There are several observations on how Trump’s second term in office could possibly impact on Africa:
A major fear of many African leaders is not just that Trump, widely regarded as a racist, might cut America’s humanitarian aid to Africa. The belief is that Africa will be a lower priority for him than it is for other world leaders, and that he will prioritise transactional relationship in which aids and grants would be drastically cut. In August 2024 for instance, during a visit to Dakar, Senegal, Assistant Secretary of State for the Bureau of Population, Refugees, and Migration, Julieta Valls Noyes, announced more than $64 million in humanitarian assistance for Sub-Saharan Africa, which reportedly brought the total “U.S. humanitarian assistance in Sub-Saharan Africa to more than $3.8 billion so far in Fiscal Year 2024. The United States is proud to be the largest single humanitarian donor to Africa/Sub-Saharan Africa globally”, a briefing from the Office of the Spokesperson to the US Department of State, claimed on August 24, 2024. While we do not know the nature of the humanitarian assistance the money is meant for, we do know that aids, whether tied or untied, are tools of foreign policy and there is an unresolved debate on whether aid facilitates or hinders economic development. Following from this, a Trump presidency cutting aid to Africa could help to wean African leaders of their ‘begging bowl syndrome”, and bring some respect to the continent.

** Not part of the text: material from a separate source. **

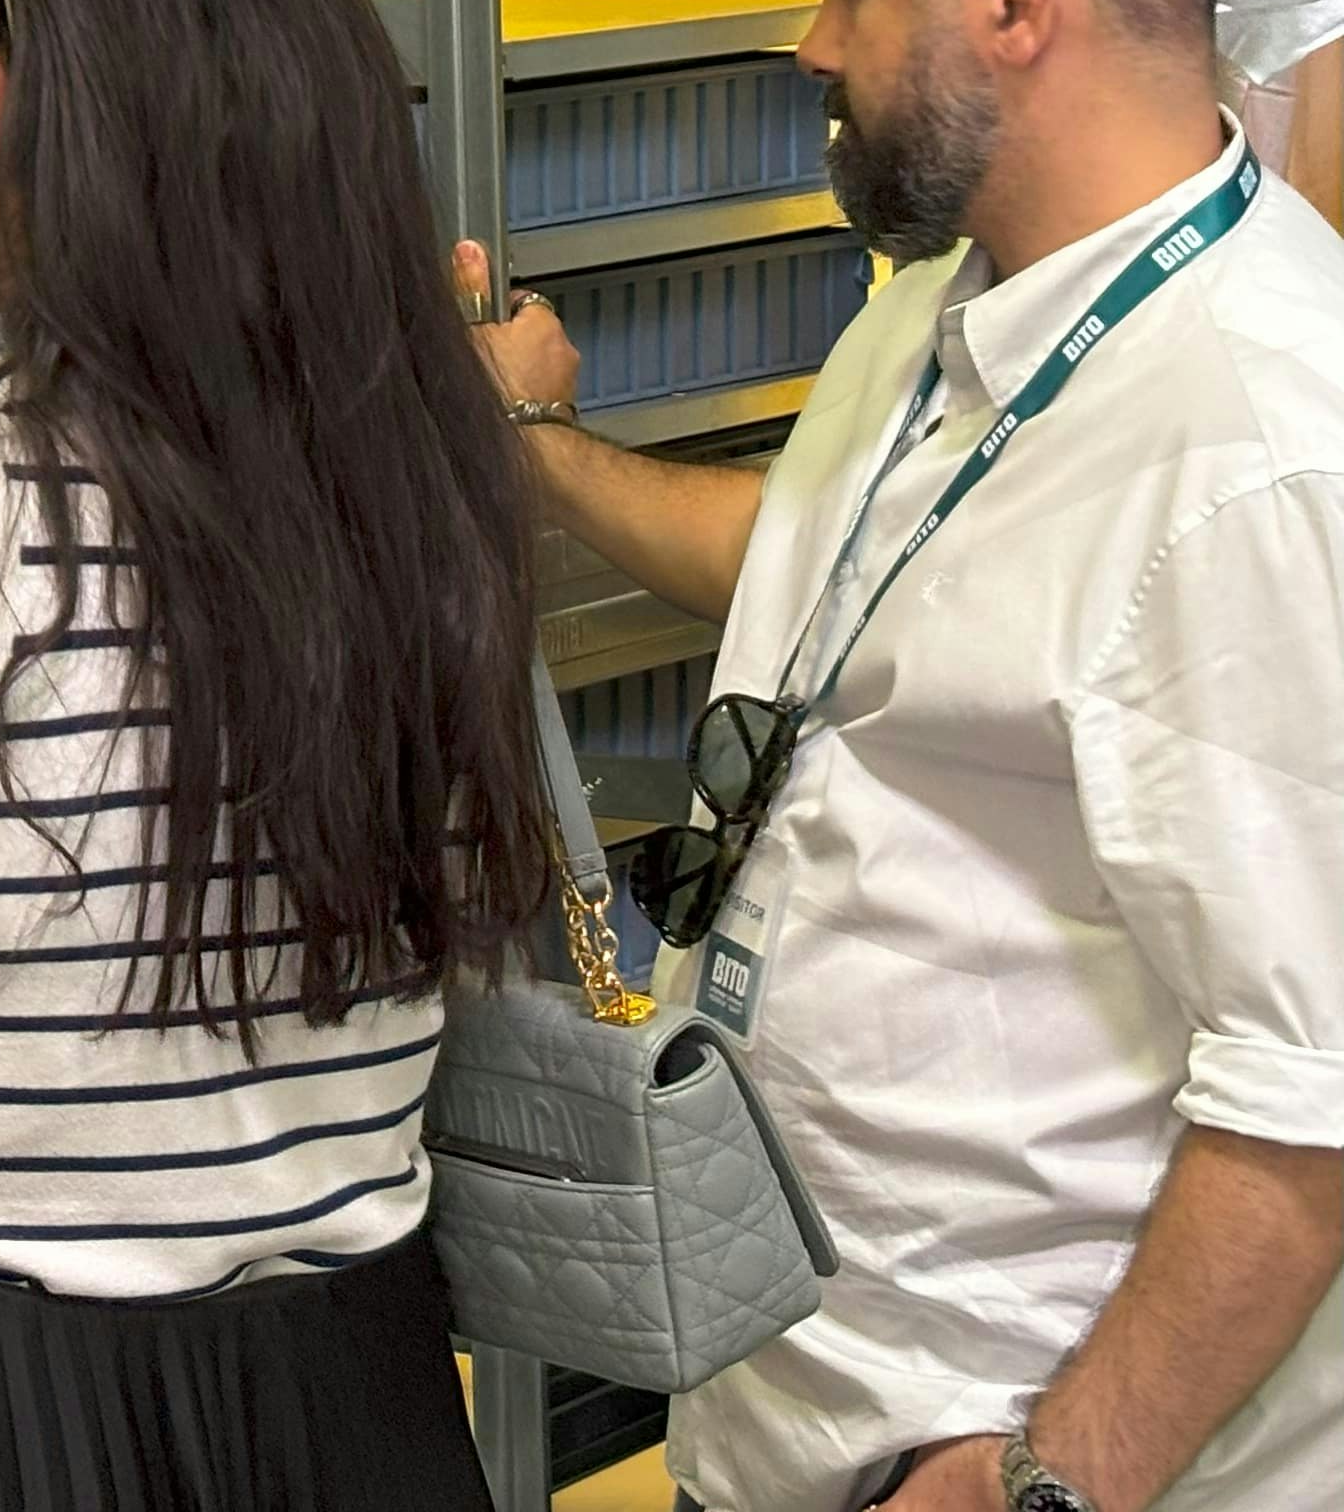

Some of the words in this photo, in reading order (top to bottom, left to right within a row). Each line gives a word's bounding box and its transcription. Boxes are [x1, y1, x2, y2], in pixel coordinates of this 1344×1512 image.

There are also legitimate concerns that a Trump presidency may lead to massive deportation of ‘illegal immigrants’ and a tightening of immigration rules for Africans and others from developing countries. True, this may affect the remittance in-flows from African migrants who have not regularized their stay in the country. However, American institutions are so strong that there will be serious legal challenges if the Trump government takes extreme measures against illegal immigrants or on immigration rules. The tightening of immigration rules in America, and even the likely deportation of some Africans, as bad as it may be for Africa in the short term, however could also lead to a greater push to make the continent better, which would eventually curtail the desire by some to vote with their feet.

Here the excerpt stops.